▶ Work request
Make an exact copy of all the records that follow, apart from the pictures.
═══
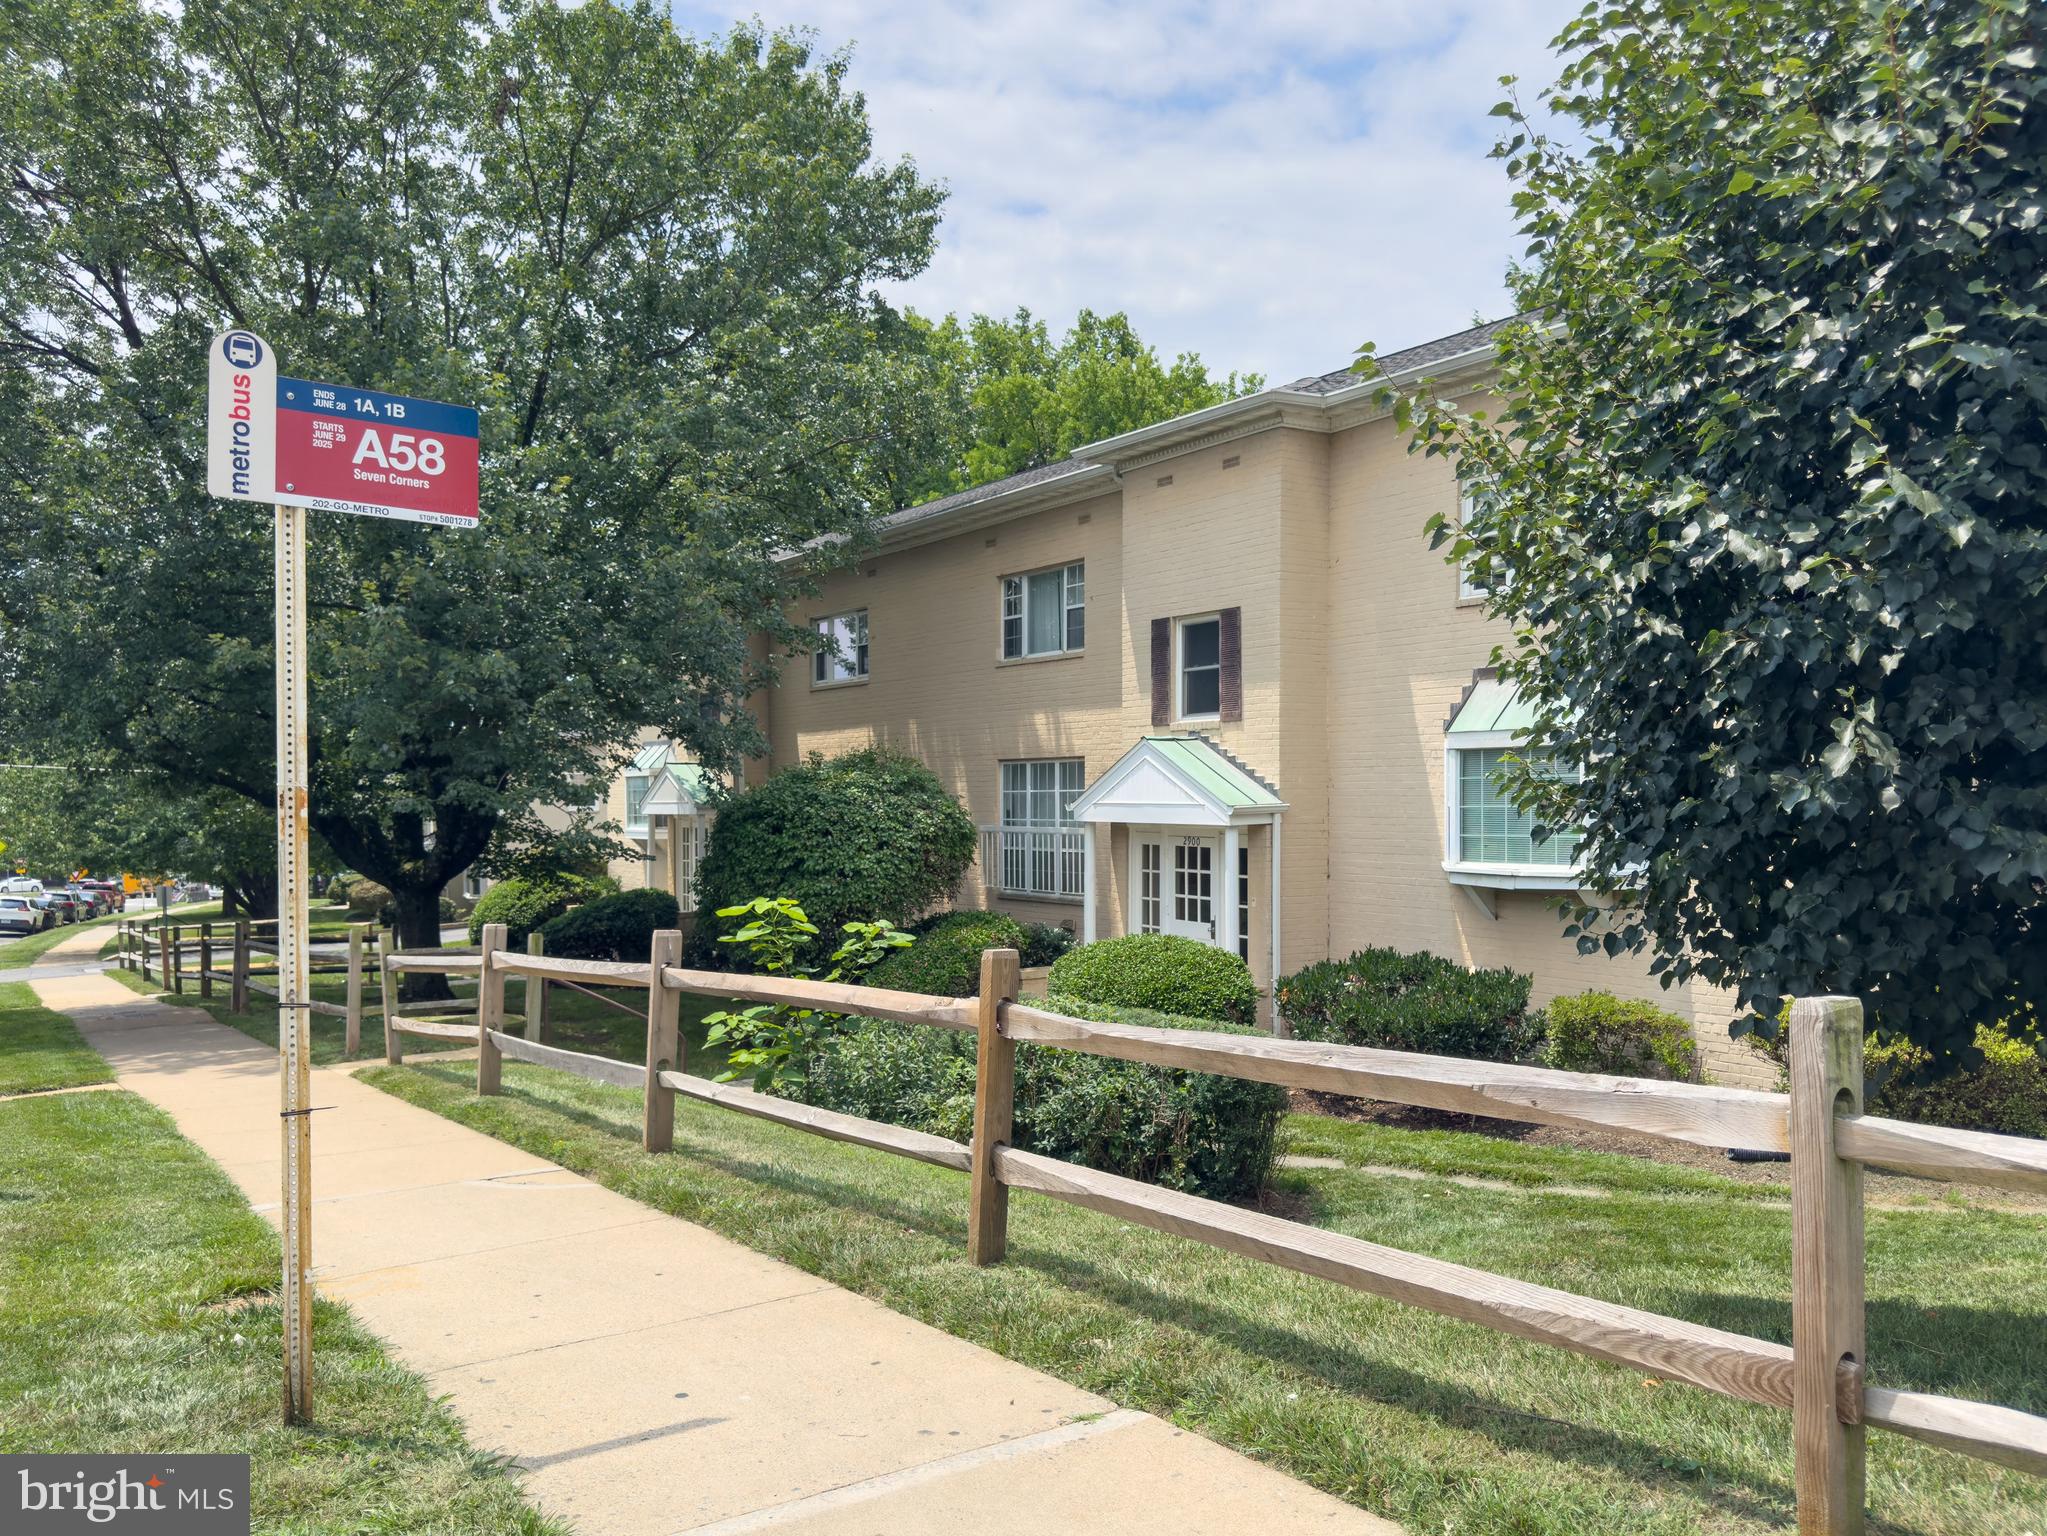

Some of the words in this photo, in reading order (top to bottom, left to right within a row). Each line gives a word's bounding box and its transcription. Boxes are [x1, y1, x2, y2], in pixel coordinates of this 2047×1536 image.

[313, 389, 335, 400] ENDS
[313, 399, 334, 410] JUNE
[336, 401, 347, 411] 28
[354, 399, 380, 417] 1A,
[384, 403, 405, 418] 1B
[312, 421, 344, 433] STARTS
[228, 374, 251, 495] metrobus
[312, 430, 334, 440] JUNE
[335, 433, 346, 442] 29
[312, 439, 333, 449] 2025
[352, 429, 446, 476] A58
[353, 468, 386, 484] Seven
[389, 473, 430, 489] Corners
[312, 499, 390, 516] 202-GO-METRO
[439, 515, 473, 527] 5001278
═══
▶ Your response
Some of the words in this photo, in reading order (top to bottom, left to right within a row). Each line gives a word's bounding box and its transcription. Boxes are [x1, y1, x2, y2], in pixel coordinates of this 2047×1536 image.

[313, 389, 335, 400] ENDS
[313, 399, 334, 410] JUNE
[336, 401, 347, 411] 28
[354, 399, 380, 417] 1A,
[384, 403, 405, 418] 1B
[312, 421, 344, 433] STARTS
[228, 374, 251, 495] metrobus
[312, 430, 334, 440] JUNE
[335, 433, 346, 442] 29
[312, 439, 333, 449] 2025
[352, 429, 446, 476] A58
[353, 468, 386, 484] Seven
[389, 473, 430, 489] Corners
[312, 499, 390, 516] 202-GO-METRO
[439, 515, 473, 527] 5001278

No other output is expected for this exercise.